Il dibattito sui cattolici in Italia, come da copione da ormai qualche anno, si accende quando si parla e si affrontano temi importanti ma comunque sempre laterali rispetto alla politica, alla sua organizzazione e alle sue dinamiche. Per capirci, scoppia un grande dibattito sulla possibilità di ricominciare a celebrare messa nelle chiese dopo la terribile emergenza sanitaria che ci ha colpiti e che ci sta ancora colpendo. Grande curiosità sulle decine di tentativi, tutti falliti come ovvio, di ridar vita ad una sorta di Democrazia Cristiana bonsai. E una infinità di riflessioni sulle divisioni presenti nella cosiddetta galassia cattolica. Una divisione che arma la diffidenza, nei confronti del protagonismo politico dei cattolici, di tutti coloro che, invece, esaltano le virtù, postume, della classe dirigente democratico cristiana ma non riconoscono, oggi, le condizioni per dar vita ad una esperienza rinnovata e moderna del cattolicesimo politico italiano nella società contemporanea. 

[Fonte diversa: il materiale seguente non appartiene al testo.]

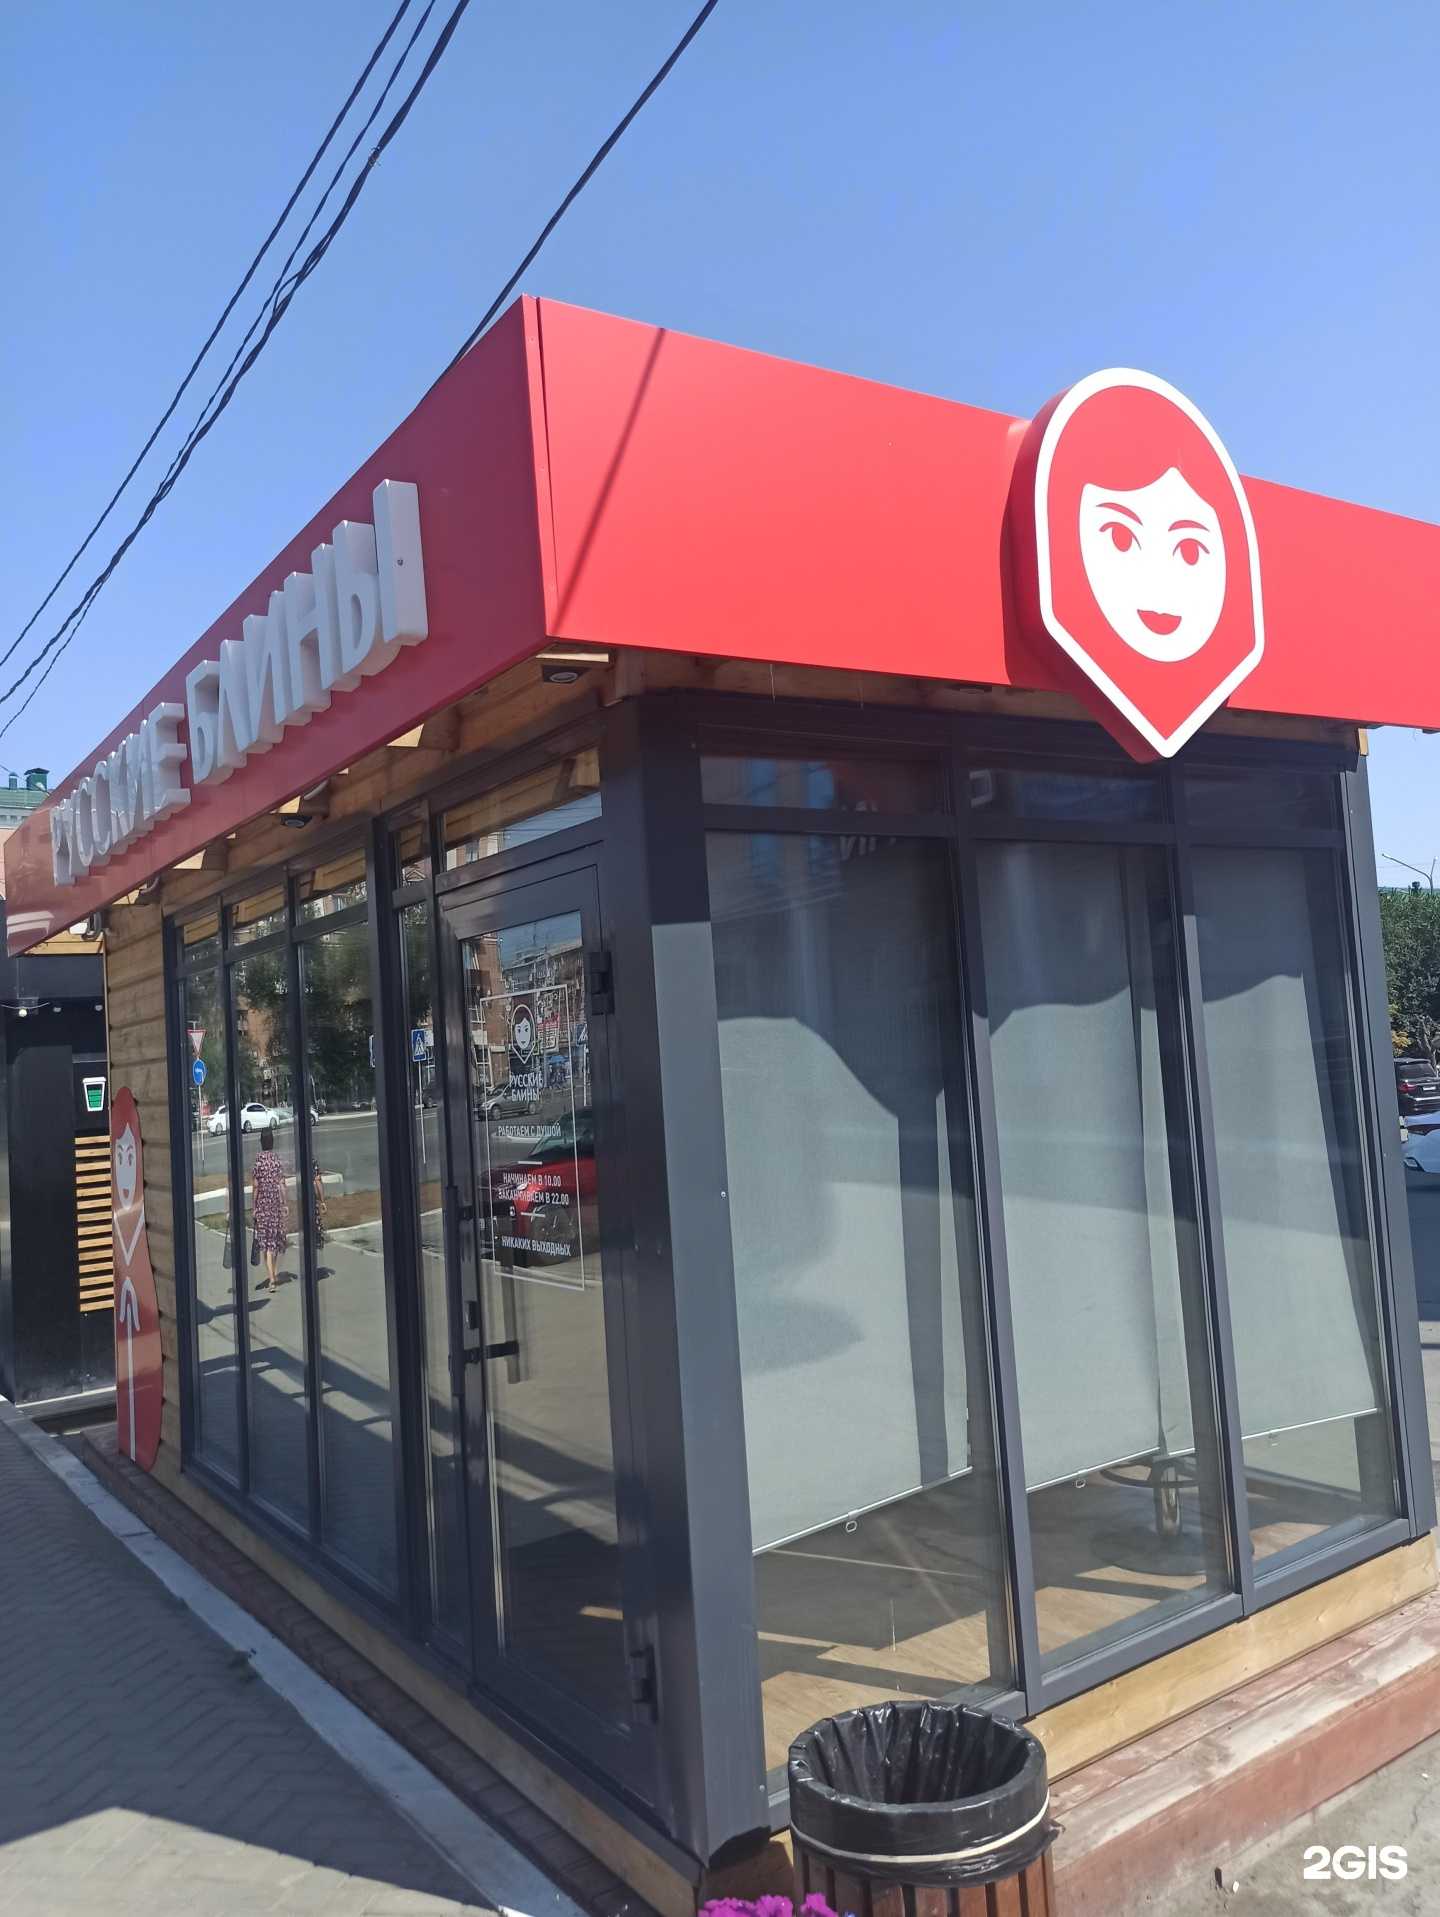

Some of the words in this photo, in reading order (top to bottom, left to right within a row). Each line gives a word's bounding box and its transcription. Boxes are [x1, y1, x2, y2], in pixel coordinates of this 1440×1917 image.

[186, 478, 429, 785] БЛИНЫ
[511, 1088, 540, 1101] БЛИНЫ
[498, 1125, 530, 1137] РАБОТАЕМ
[530, 1125, 536, 1137] С
[536, 1123, 561, 1137] ДУШОЙ
[503, 1172, 537, 1185] НАЧИНАЕМ
[538, 1174, 543, 1186] В
[544, 1175, 562, 1187] 10.00
[498, 1188, 545, 1203] ЗАКАНЧИВАЕМ
[545, 1191, 551, 1204] В
[551, 1193, 569, 1205] 22.00
[501, 1235, 531, 1250] НИКАКИХ
[531, 1239, 571, 1256] ВЫХОДНЫХ

Ora, il dibattito sul “dopo” pandemia sta inondando tutti gli organi di informazione, a livello di carta stampata e nelle televisioni. Se la competenza e l’autorevolezza saranno gli ingredienti decisivi e fondamentali per dare credibilità e peso alla politica, archiviando definitivamente l’improvvisazione, l’inesperienza e l’estemporaneità dei 5 stelle, ad esempio, è indubbio che i valori e la cultura non saranno elementi indifferenti o virtuali in vista della ripresa dopo il ritorno della normalità. I cattolici, seppur nella loro complessità e articolazione, saranno ancora una componente indispensabile non solo per il rinnovamento della società italiana ma anche, e soprattutto, per dare sostanza e credibilità alla politica del nostro paese. Certo, non deve ritornare il tema stantio e anche un po’ datato sull’ennesimo partitino cattolico che campeggia un giorno su qualche giornale e poi, puntualmente, si scioglie come neve al sole. La vera sfida, semmai, consiste nel coraggio di riproporre una cultura politica, un sistema di valori e una classe dirigente – che esiste, basta solo farla emergere – che sono ancora in grado di dare un contributo di qualità politica e programmatica e di risorsa etica alquanto decisivi per la stessa tenuta democratica e sociale del nostro sistema. 

Ecco perchè il tutto non si può ridurre ad un fatto clericale, seppur fatto in buona fede, o di caricatura organizzativistica o, peggio ancora, ad una disquisizione di fatto ornamentale che sfiora la politica ma non la incrocia mai. Se “dopo” tutti saremo uguali ai nastri di partenza, come pare di capire, compresi gli attuali attori politici, forse è giunto il momento di prendere atto che adesso possiamo giocarci la partita. Quella vera, però, e non alla playstation.